The error cost Australian poker pro Daniel Neilson a staggering 10 million chips, equivalent to approximately $116,000 in equity.
The incident unfolded during a three-handed play, where Neilson was up against eventual champion Stanislav Zegal.
Neilson, holding AsKd, was out-flopped by Zegal's KcQc. The dealer, however, mistakenly informed Neilson that Zegal's count was 48 million instead of the actual 38 million!
This miscalculation left Neilson with a mere 5.2 million chips, instead of the 15.2 million he should have had after the hand.
Incredibly, the error went unnoticed by everyone at the table and on the live stream, despite on-screen graphics displaying the correct amount of chips Neilson should have had left.

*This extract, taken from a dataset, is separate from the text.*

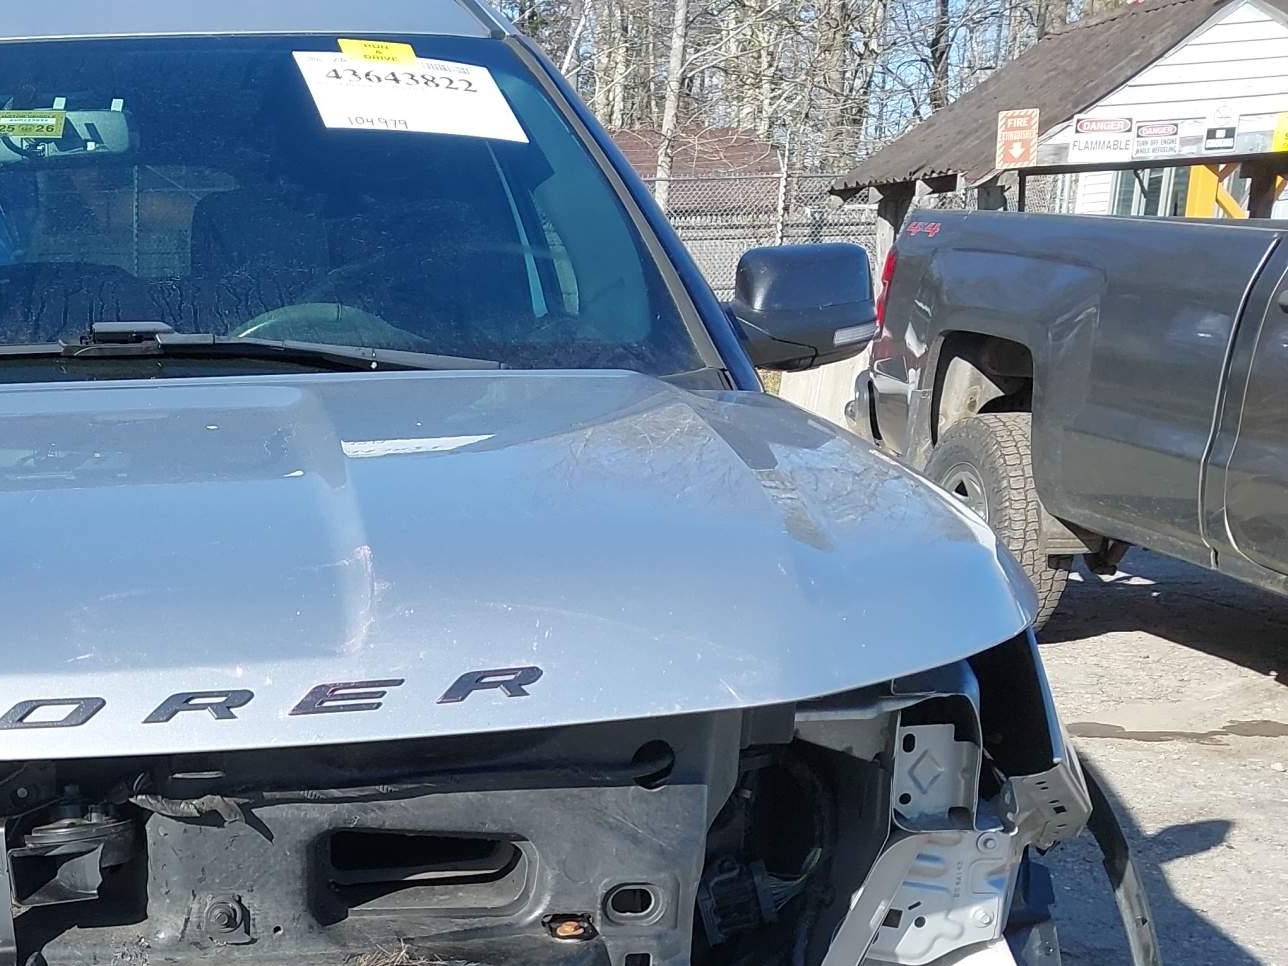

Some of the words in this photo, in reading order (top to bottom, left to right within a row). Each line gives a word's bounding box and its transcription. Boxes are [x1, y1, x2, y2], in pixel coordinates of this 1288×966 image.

Neilson, who eventually finished in third place, expressed his disappointment over the incident. He said that while he understands that mistakes can happen, he believes that more procedures should be in place to prevent such errors, especially during crucial stages of high-stakes tournaments like the WSOP Paradise Main Event.
WSOP Executive Director Ty Stewart confirmed that an investigation into the incident is ongoing. However, he also stated that it’s unlikely that Neilson will receive any financial compensation for the dealer error.
According to Stewart, the official position in any tournament is that if action was accepted by all parties, there would be no recourse once tournament play has concluded. Harsh, but true.
“The official position in any tournament is that if action was accepted by all parties there would be no recourse once tournament play has concluded.
“Any corrective action would need to take place while the player remains in the event. We do not, nor does any operator in the world that I’m aware, retroactively award ICM value or any monetary compensation in such situations. We are thoroughly reviewing the matter.”
As you might expect, this mistake has brought the potential impact of dealer errors in tournaments that are being shown around the world.
While the dealers are generally very good, mistakes do happen and in this case, it proved very costly indeed.
This is not the first time a dealer error has occurred at a WSOP event. In the 2010 and 2019 WSOP Main Events, similar incidents were reported.
The WSOP organisers, while acknowledging the unfortunate situation, have reiterated that they will examine the procedures in place and consider what they might be able to do to ensure such an error doesn't happen again in the future.
Of course, we would expect the likes of the WSOP to put out a statement such as this, but what can they really do? Human error will always be present in live poker, and any kind of double checking that would really reduce the risk of an error to almost zero will slow the game down too much.